We use the method of using the PC camera and the PC microphone sound card , and after collecting with ffmpeg, we will get the pts of the audio and video.
We should try our best to make good use of these pts, because their time intervals are very precise, such as 48000, each acquisition is 1024, and it is found that the interval between each frame is 21ms; the video acquisition is 1080p25, and the interval between each frame is 40ms.
Before using them, we need to synchronize them to the same timestamp. One of the methods is:
dif = Greenwich Mean Time - the video timestamp captured in the first frame
, and then each time pts = pts + dif.
V:

AVDictionary *options = NULL;
av_dict_set(&options, “video_size”,1920x1080”, 0);
av_dict_set(&options, “framerate”,30, 0);
//以上参数如果不设置的话,ffmpeg就会用默认值,但默认值摄像头不一定支持
int re = avformat_open_input(&ic,/dev/video0”, ifmt, &options);

A:

av_dict_set(&options, "sample_rate", "48000", 0); // 只能是48000不支持改动
av_dict_set(&options, "channels", "2", 0);        // 无法改,不支持改动
long long GetCurTime()
{
    
    
    struct timeval tv;
    gettimeofday(&tv, NULL);
    // ZlogInfo("second:%ld\n",tv.tv_sec);  //秒
    // ZlogInfo("millisecond:%ld\n",tv.tv_sec*1000 + tv.tv_usec/1000);  //毫秒
    // ZlogInfo("microsecond:%ld\n",tv.tv_sec*1000000 + tv.tv_usec);  //微秒
    long long temp_time = tv.tv_sec * 1000000 + tv.tv_usec;
    return temp_time;
}
if(this->dif_PTS == 0) this->dif_PTS = GetCurTime() - read_pkt.pts;
read_pkt.pts = read_pkt.pts + this->dif_PTS;

2. Manually print pts

1. Problems with the pts of the usb capture device.
Decklink's capture card will provide the pts of audio and video, and it is reliable.
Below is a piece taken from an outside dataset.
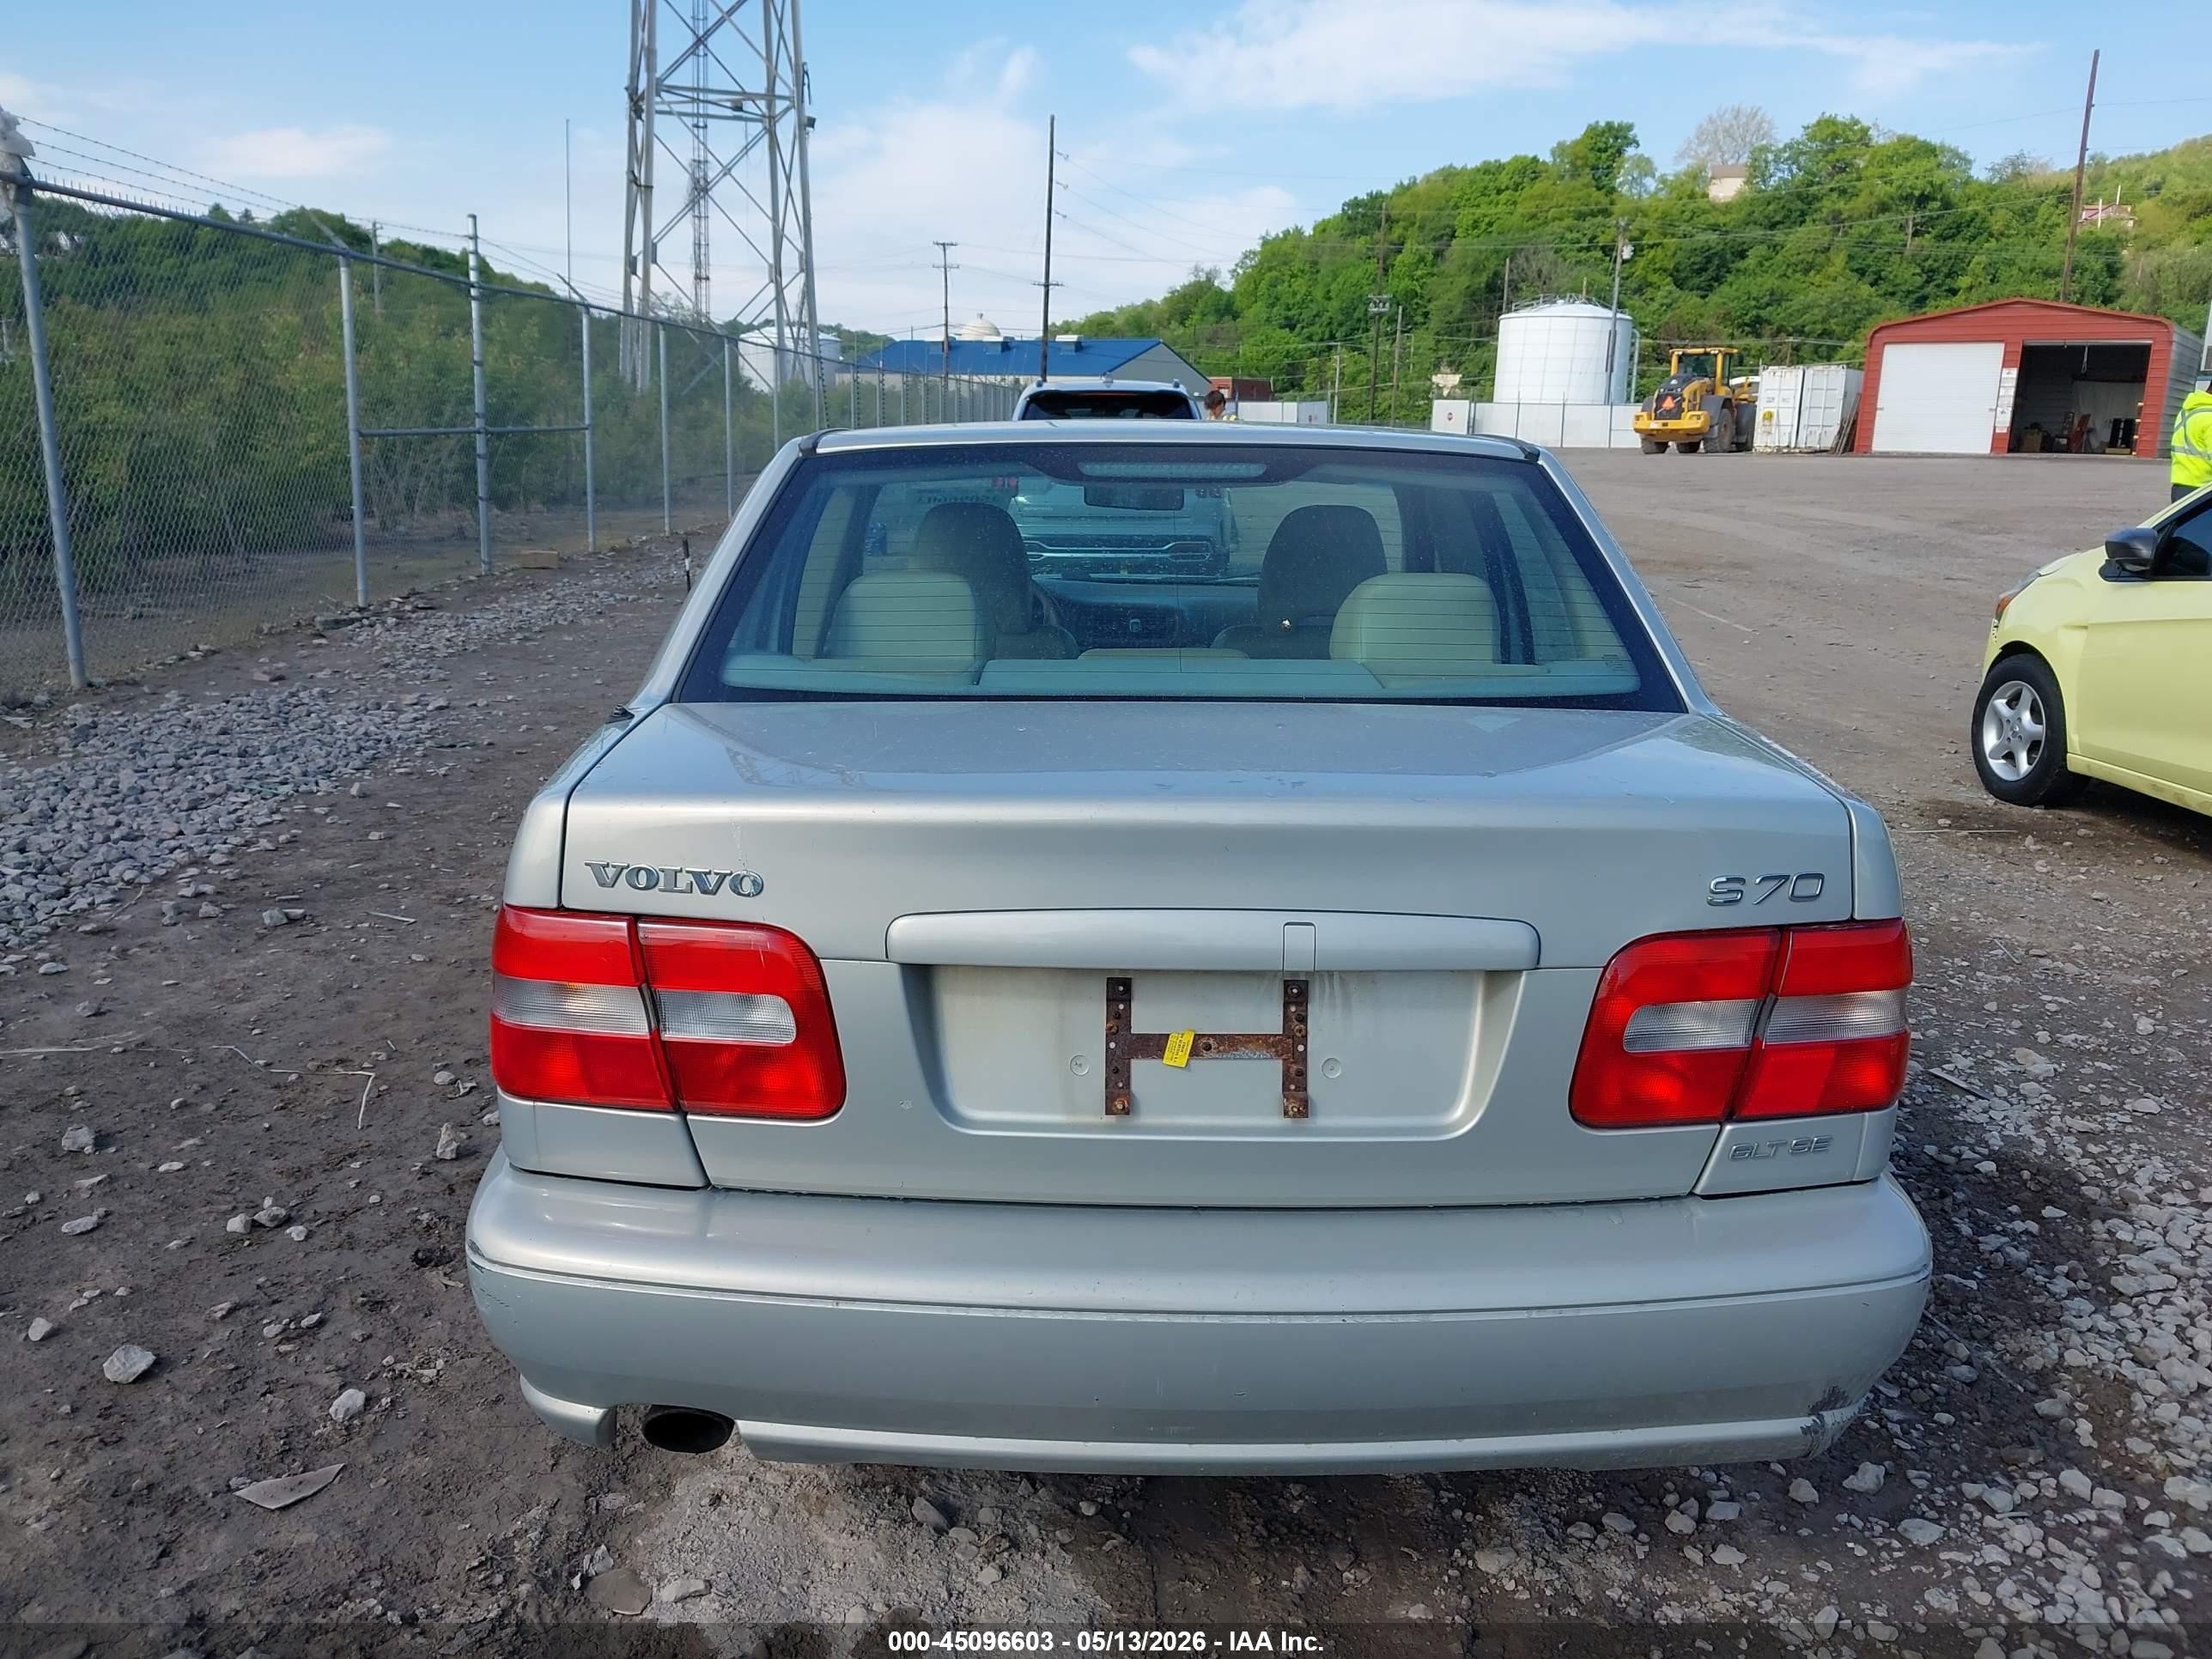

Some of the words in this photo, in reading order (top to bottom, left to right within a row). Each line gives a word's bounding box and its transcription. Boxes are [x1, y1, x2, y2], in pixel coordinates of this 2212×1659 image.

[584, 860, 764, 897] VOLVO
[1706, 872, 1826, 906] S70
[1729, 1139, 1787, 1160] GLT
[1789, 1134, 1834, 1156] SE
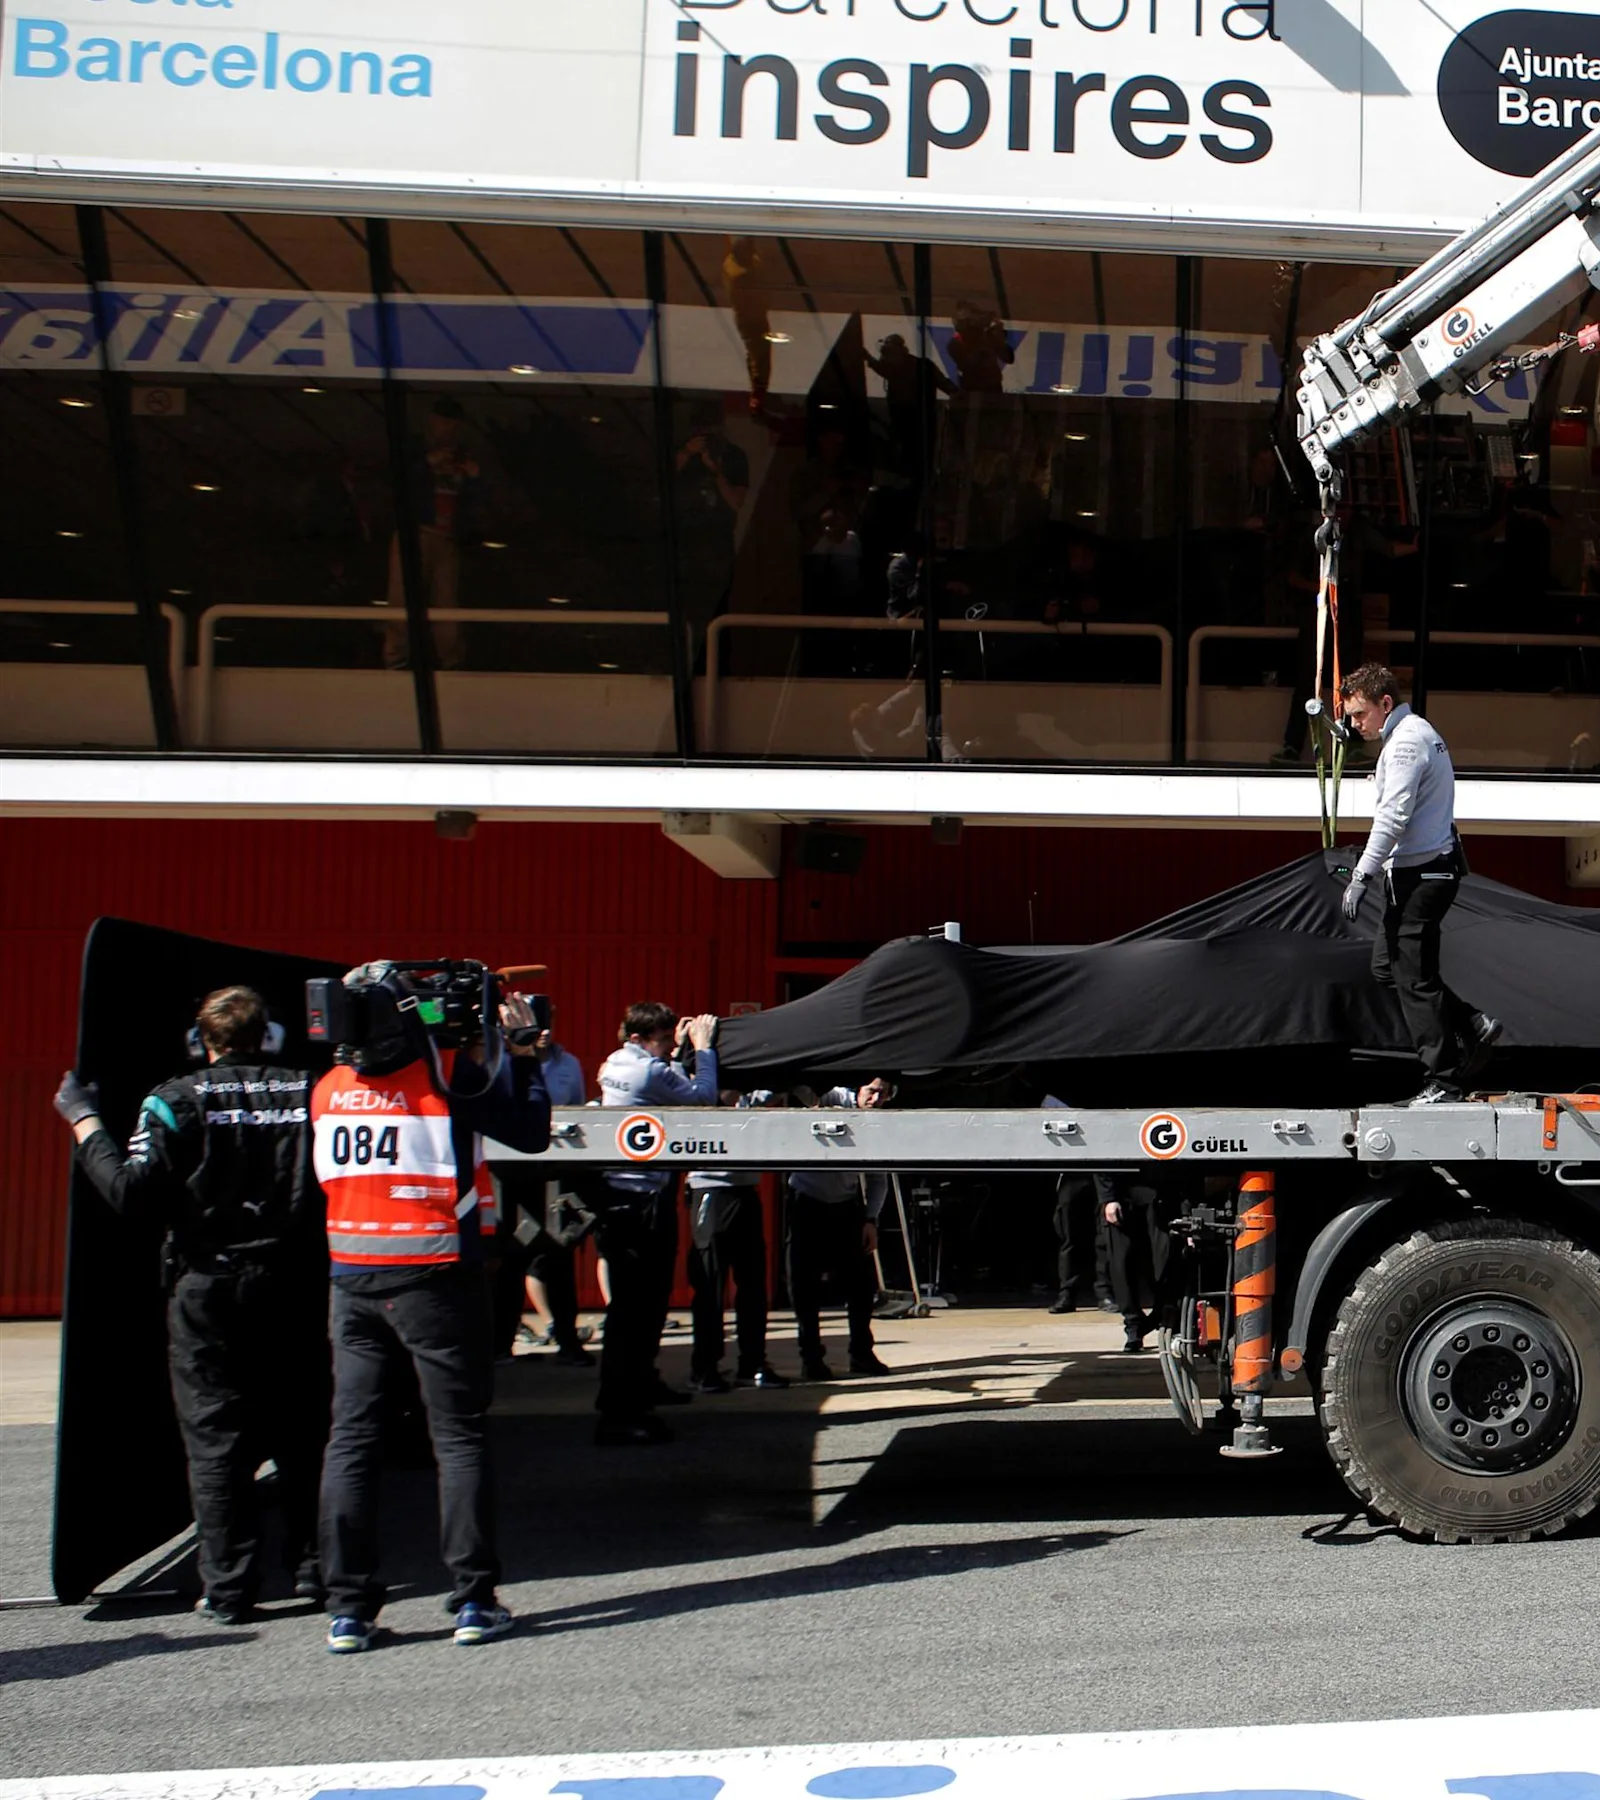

But small manufacturers are not necessarily so. I used a Taiwan and domestic manufacturer here, one is a pci capture card (sdi/hdmi capture to pci port), this capture card supports UVC and UAC protocols, and the other is a usb (hdmi to usb port) capture card. Both prices are around 1,000 yuan.

In the technical communication with the original factory of these two capture cards, the pts has the following problems
1: The pts of audio and video are not related, and there is no common starting point or related connection.
2. After a night of testing, pts found that there is a phenomenon of jumping.
3. When capturing 1080p30, the pts of the video only increases by 20ms between each frame instead of 33ms, and other resolutions do not have this problem.
Because most of the users of these devices are not developers, these problems will not be used. For developers, they need to be customized by the original factory.

2. Capture card driver, UVC/UAC, ffmpeg relationship

After wechat with the original factory, I have a preliminary understanding of the usb capture card. For audio, the driver of the capture card will not provide pts to the system, because for audio, the sampling rate and the number of channels must be determined. Bit depth, then on the playback side, the playback time corresponding to the number of samples is fixed, the acquisition card has only one crystal oscillator to control the acquisition frequency, the audio is collected from the acquisition card and provided to the system, and the delay can be ignored.
The driver of the video capture card will also not have pts, and its startup will only provide the upper layer with a label similar to the serial number of the video such as 1, 2, 3..., etc. The capture card may have several frames from capture to supply to the system, such as 4 frame delay.
Then the audio and video we collected with ffmpeg all contain pts, so what are these pts. The audio is us from 1970 to the present, and the video is us from the boot time. They are all pts of UVC and UAC protocols for the audio and video frames provided by the capture card driver.
Therefore, the data transmission is like this. Acquisition card -> acquisition card driver -> system kernel -> UVC/UAC -> ffmpeg
hardware manufacturers change a problem, several versions need to be changed, and other bugs are often introduced. It seems that programmers all over the world Same.

3. How to play pts by yourself

So how should we play pts ourselves?
Collect audio and video separately in two threads:

av_read_frame()

We assign the PTS of Greenwich to the audio and video data collected each time.
A:

re = av_read_frame(ic_a, &read_pkt_a);   
read_pkt_a.pts = GetCurTime();

V:

re = av_read_frame(ic, &read_pkt);   
read_pkt.pts = GetCurTime();
ZlogInfo("dif:%ld\n", (shm_->GetCurTime() - LAST_PTS) / 1000);
LAST_PTS = shm_->GetCurTime();

The time intervals for each video return from this function are:
//1080p25 39 40 39 40 39 40 39 40 39 40 39 40 ms
and the audio is:
//1080p25 41 0 42 0 42 0 41 0 41 0 42 0 ms
sometimes Yes
//1080p25 21 0 41 21 0 40 22 0 41 1 40 0 ​​42 0 41 22 0 41 0 42 0 42 1 40 22 0 41 21 1 40

0 is not no interval but less than 1ms, there is a loss of precision here.
It can be seen that the interval is not standard, because av_read_frame() maintains a cache, each time he gets one or more frames of audio or video data from the capture card and puts them into the cache, then subpackages, returns a frame of audio or video data, and downloads Call again to get it directly from the cache. If there is no cache, it will be blocked until the data is provided by the capture card.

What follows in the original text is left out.